%%

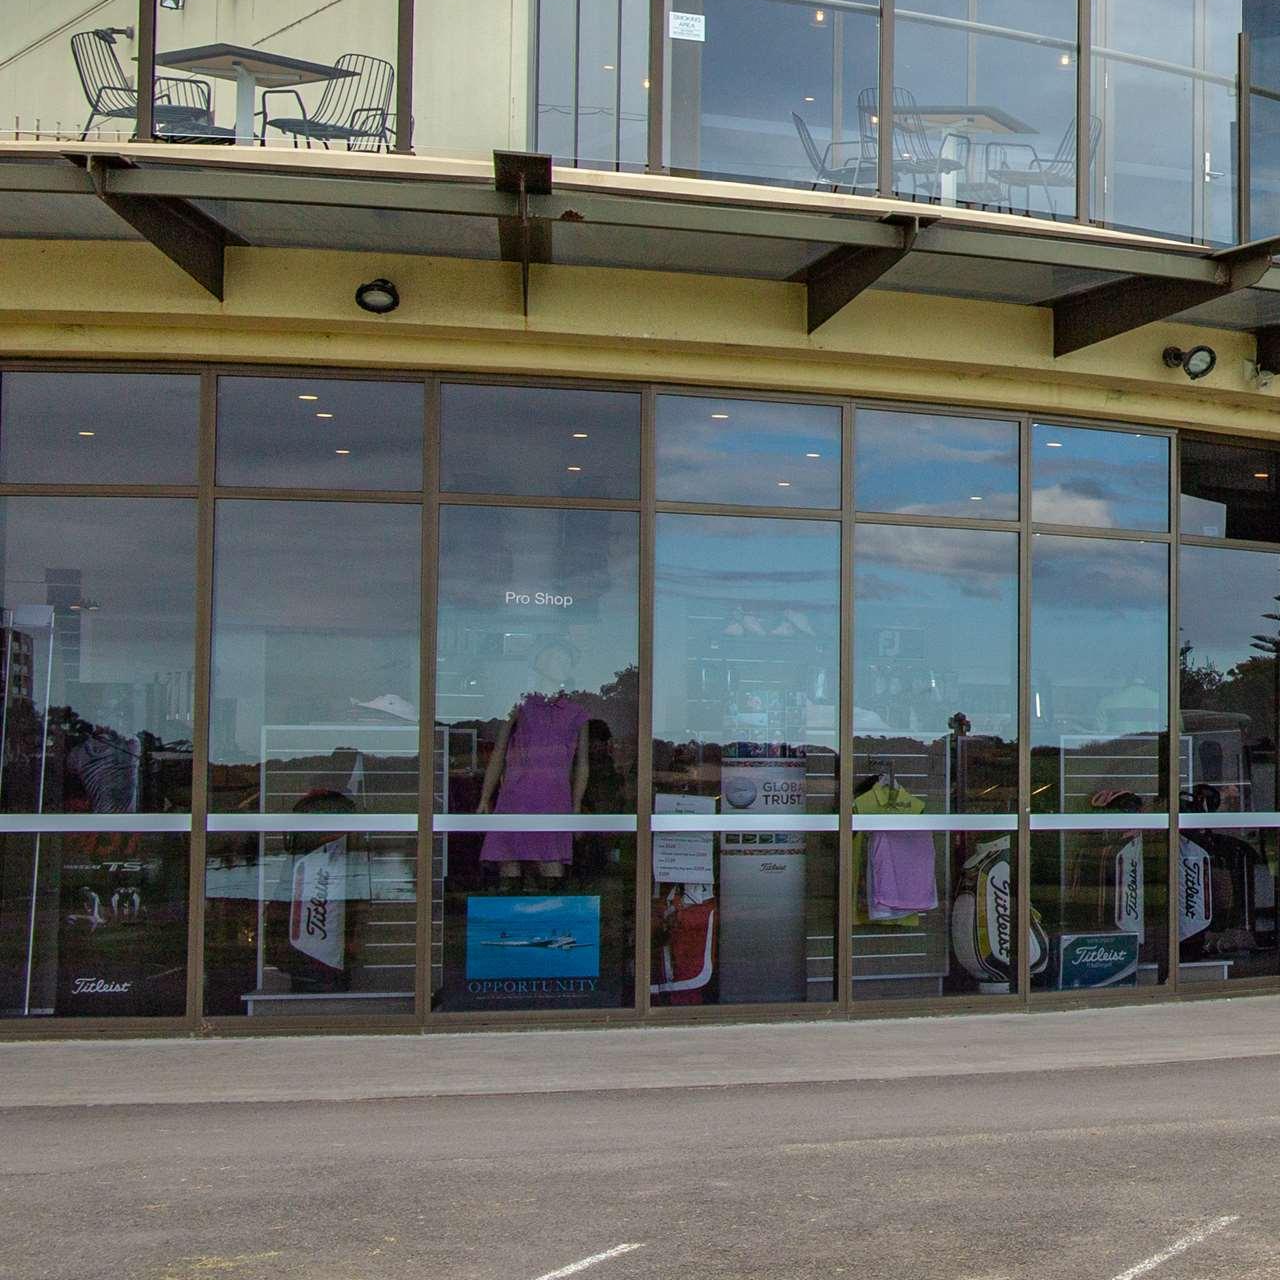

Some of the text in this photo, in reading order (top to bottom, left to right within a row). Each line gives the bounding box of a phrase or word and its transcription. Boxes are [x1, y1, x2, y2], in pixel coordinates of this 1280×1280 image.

[505, 591, 573, 609] Pro Shop
[306, 867, 330, 941] Titleist
[1125, 859, 1139, 920] Titleist
[1183, 858, 1201, 920] Titleist
[990, 875, 1011, 959] Titleist
[1071, 944, 1128, 965] Titleist
[71, 977, 132, 995] Titleist
[468, 979, 598, 994] OPPORTUNITY

%%

→ What to do
Give back the whole of the material exactly, with the pictures removed.

→ Result of the task
Some of the text in this photo, in reading order (top to bottom, left to right within a row). Each line gives the bounding box of a phrase or word and its transcription. Boxes are [x1, y1, x2, y2], in pixel coordinates of this 1280×1280 image.

[505, 591, 573, 609] Pro Shop
[306, 867, 330, 941] Titleist
[1125, 859, 1139, 920] Titleist
[1183, 858, 1201, 920] Titleist
[990, 875, 1011, 959] Titleist
[1071, 944, 1128, 965] Titleist
[71, 977, 132, 995] Titleist
[468, 979, 598, 994] OPPORTUNITY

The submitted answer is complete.